- **Problem to work on**
The records beneath should be printed exactly, and the pictures are to be left out.

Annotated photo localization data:

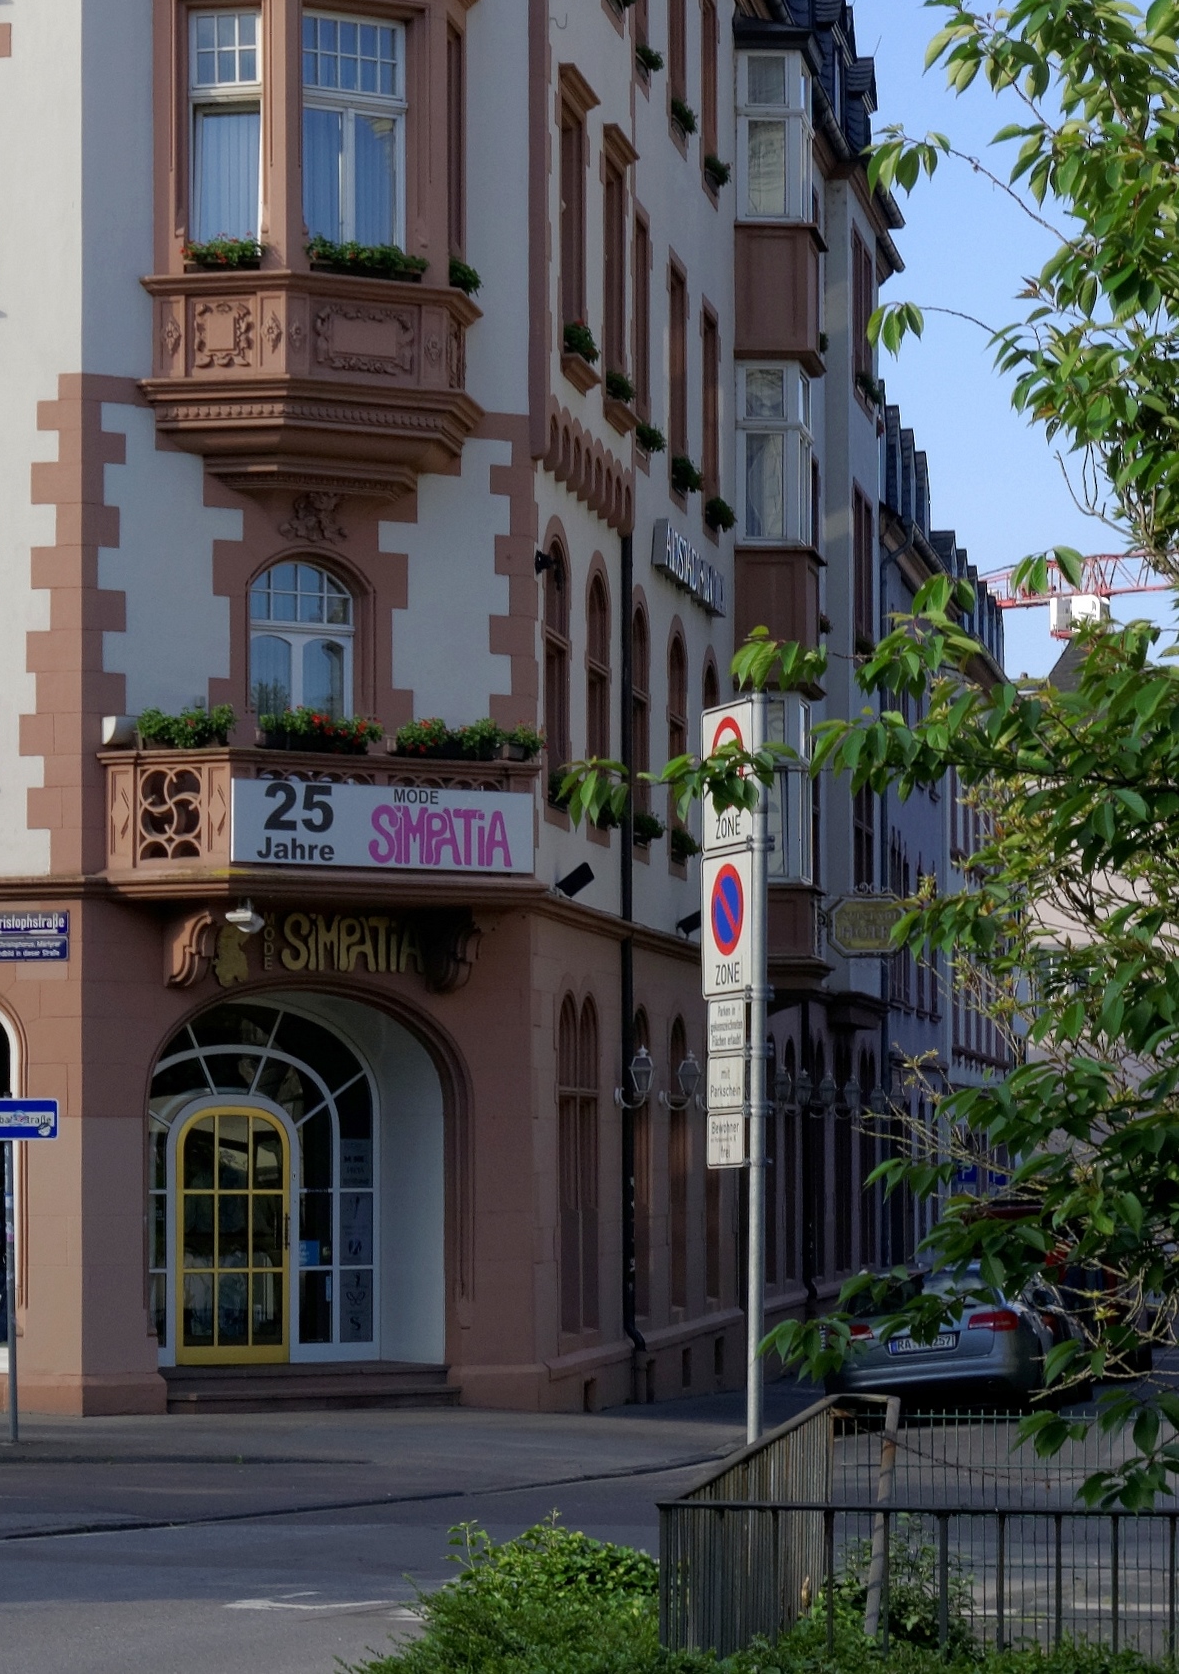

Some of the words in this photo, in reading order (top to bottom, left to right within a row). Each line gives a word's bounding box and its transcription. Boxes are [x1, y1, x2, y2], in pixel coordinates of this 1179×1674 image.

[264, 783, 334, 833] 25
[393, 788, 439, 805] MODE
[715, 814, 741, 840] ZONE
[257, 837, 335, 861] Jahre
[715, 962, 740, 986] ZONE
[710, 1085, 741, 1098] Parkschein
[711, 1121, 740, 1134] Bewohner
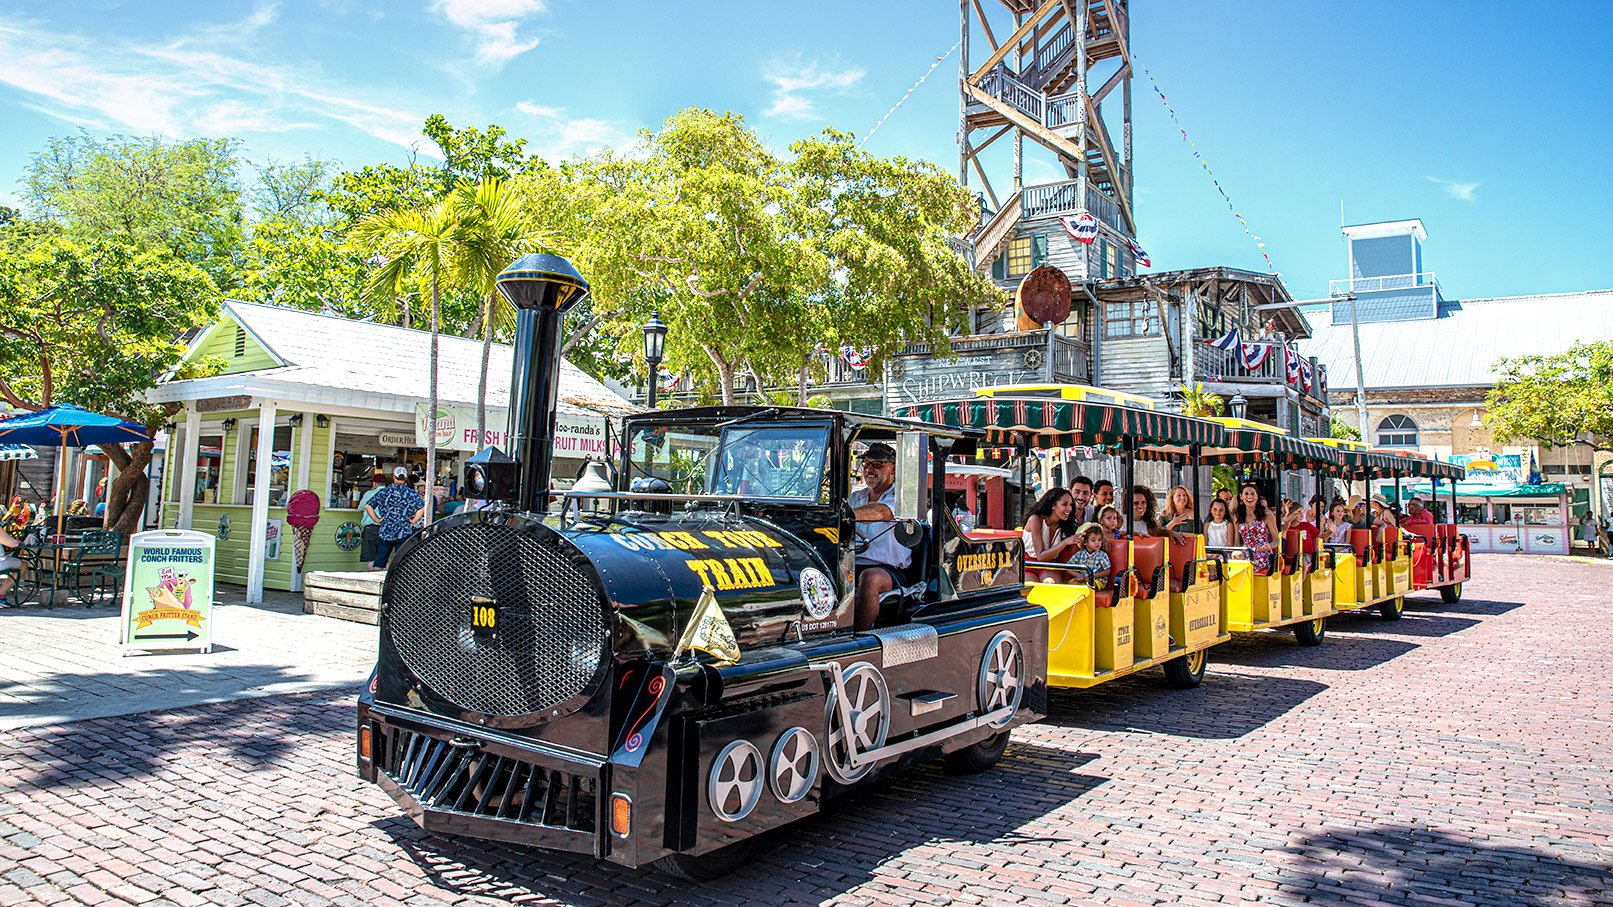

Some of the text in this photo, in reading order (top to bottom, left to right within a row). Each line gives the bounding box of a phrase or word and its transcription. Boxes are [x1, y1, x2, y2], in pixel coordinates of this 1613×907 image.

- **Response area**
Some of the words in this photo, in reading order (top to bottom, left to right within a row). Each line gives a word's bounding box and its transcription. Boxes are [x1, y1, x2, y2], in pixel coordinates of this 1179×1674 image.

[264, 783, 334, 833] 25
[393, 788, 439, 805] MODE
[715, 814, 741, 840] ZONE
[257, 837, 335, 861] Jahre
[715, 962, 740, 986] ZONE
[710, 1085, 741, 1098] Parkschein
[711, 1121, 740, 1134] Bewohner

Some of the text in this photo, in reading order (top to bottom, left to right within a row). Each line gives the bounding box of a phrase or word and its transcription. Boxes are [x1, y1, x2, y2], in pixel coordinates of this 1613×907 image.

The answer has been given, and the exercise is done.